9. Freida's, Bree, City Bowl
Among warehouses and quiet furniture stores at the north end of Bree street hides Freida's, a coffee shop marked only by a thin orange storefront. The tiny exterior is deceptive- Freida's stretches all the way back to the end of the block, a long thin space with a soaring ceiling lit with giant paper lanterns. Diners can either eat at communal dining tables, or in the intimate living room style setup in the back. The decor is mainly 1950s domestic kitsch, lunchboxes and board games on the shelves, and movie posters and yellowed landscape paintings on the walls. Between the extensive daily sandwich menu and the changing offering of specials, there's always something good to try if you feel like having more than coffee.
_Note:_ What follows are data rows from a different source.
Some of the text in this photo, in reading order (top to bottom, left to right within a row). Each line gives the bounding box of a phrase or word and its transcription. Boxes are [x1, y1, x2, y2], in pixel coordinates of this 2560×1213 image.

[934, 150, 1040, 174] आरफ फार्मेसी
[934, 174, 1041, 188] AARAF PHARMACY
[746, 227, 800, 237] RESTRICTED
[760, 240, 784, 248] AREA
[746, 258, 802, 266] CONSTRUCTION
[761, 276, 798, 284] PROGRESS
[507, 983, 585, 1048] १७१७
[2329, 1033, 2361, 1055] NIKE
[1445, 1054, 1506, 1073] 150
10. Queen of Tarts, Lower Main Road, Obz
I'm not really a fan of Obz- there are some great old buildings, and the neighborhood has touches of charm, but all of that is marred by the grungy stoner vibe of the area (take a look at the purple wizard shop for evidence). But Queen of Tarts makes a trip to Obz worthwhile. The tiny interior is decorated like a homey 1950s kitchen, with white porcelain dishes lined up on shelves against pale blue walls. Though the menu offers delicious warm soups and open faced sandwiches, it's much better to just come to indulge in the dessert. For a while it seemed as though the owner was becoming something of a local celebrity, and understandably so- for the quality of Queen of Tart's iced cupcakes and two-inch thick brownies alone.
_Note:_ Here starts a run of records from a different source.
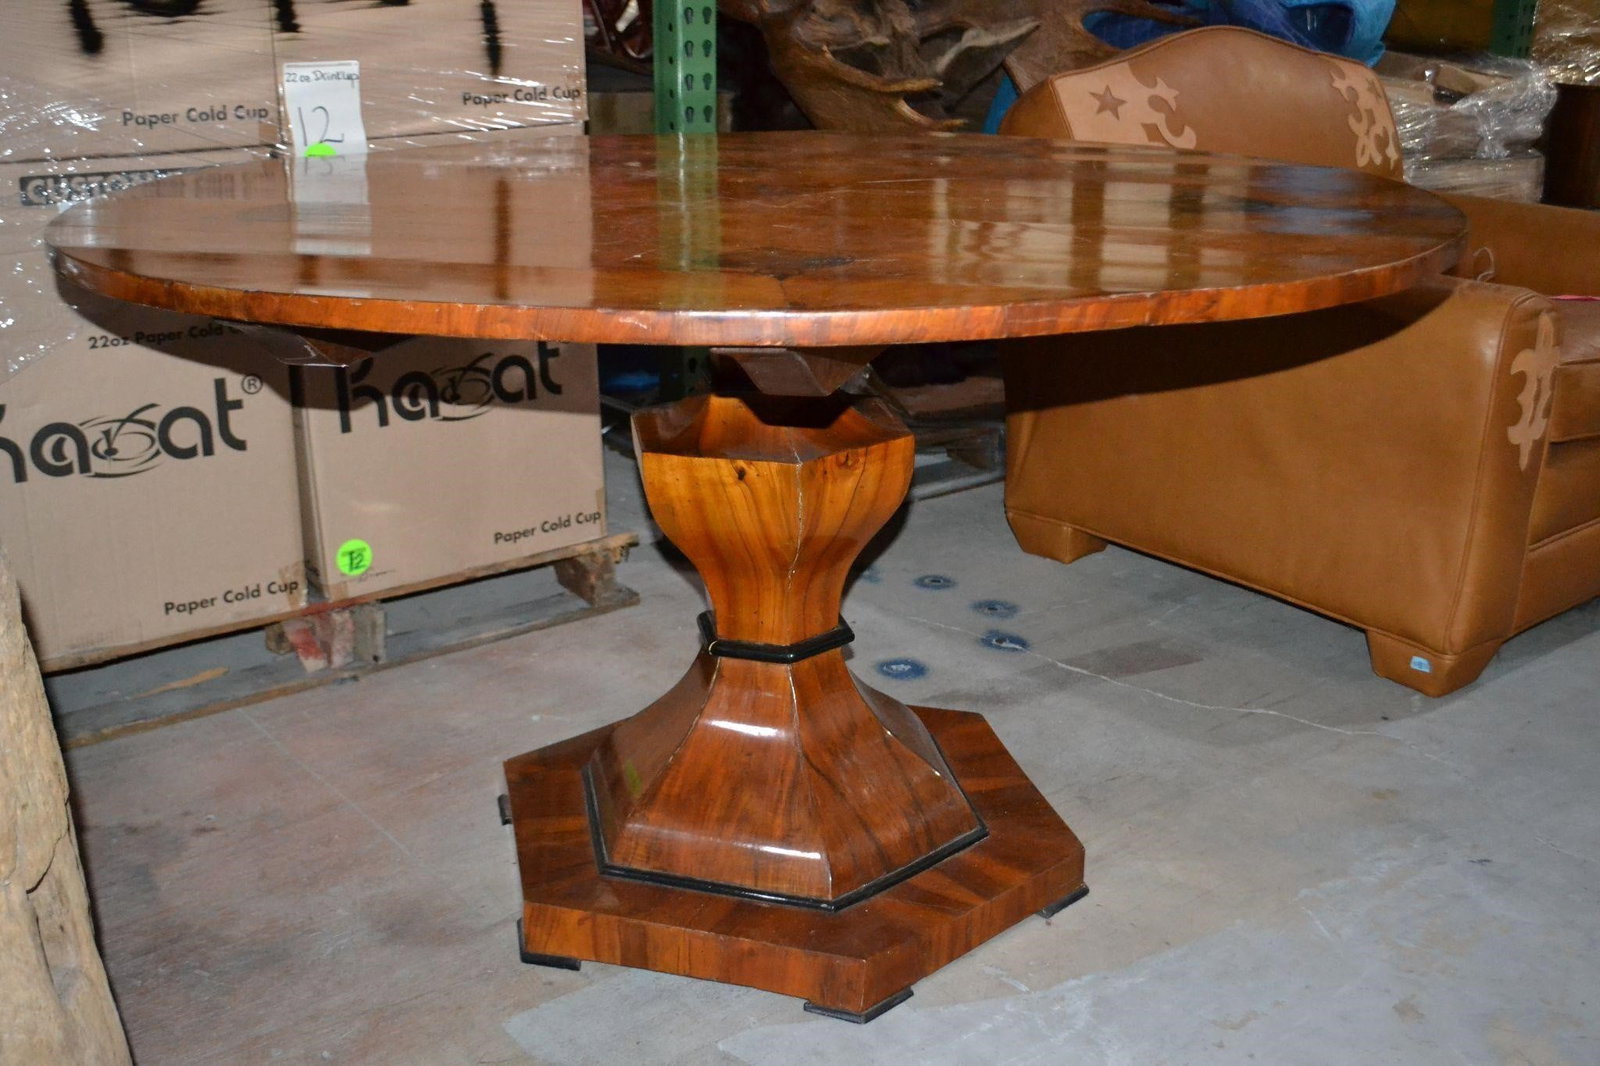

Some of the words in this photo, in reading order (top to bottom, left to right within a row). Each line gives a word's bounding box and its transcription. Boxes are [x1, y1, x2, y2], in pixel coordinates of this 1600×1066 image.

[286, 72, 298, 82] 22
[462, 92, 509, 108] Paper
[514, 85, 548, 101] Cold
[553, 86, 580, 100] Cup
[122, 111, 179, 129] Paper
[186, 105, 228, 122] Cold
[234, 105, 269, 122] Cup
[298, 105, 345, 147] 12
[88, 335, 130, 350] 22oz
[134, 331, 183, 345] Paper
[187, 323, 223, 339] Cold
[494, 527, 537, 544] Paper
[541, 515, 571, 533] Cold
[576, 511, 601, 524] Cup
[164, 597, 217, 615] Paper
[223, 583, 260, 603] Cold
[267, 580, 299, 594] Cup
(The above were listed in no particular order.)

Thursday, June 07, 2007

Hangover in Cape Town.

On my first morning in Cape Town, I sat down at Vida e Caffe and opened the newspaper. I don't normally read my horoscope, but this one stood out. Cape Times, June 2, 2007, "Leo (July 23-August 22): An auspicious term for resuming contact with special friends and foreign connections, with a view to setting up a reunion. If you already have a journey arranged, this should be an ideal time for successfully settling the details." The coincidence of reading this on my first morning back in South Africa, hours before a scheduled lunch with several old friends, was startling to say the least.

While this horoscope bodes well for my brief return to South Africa, my first day in Cape Town actually had a rather inauspicious start. I spent the morning painfully hungover, consequence of the beer, margaritas, and tequila shots I had taken the night before to celebrate my return. After slowly drinking my long-awaited Vida latte (and forcing myself to finish a bottle of water, which for some reason my body was rejecting despite its dehydration) I walked up Bree Street to Frieda's, where I eventually settled on a bowl of muesli and a bran muffin as being the most curative option on the menu.

Maybe in sympathy for me, the city itself seemed to be suffering a bit of a hangover as well. It drizzled cold rain all day, and the cloud cover in the City Bowl was so thick that Table Mountain remained entirely concealed.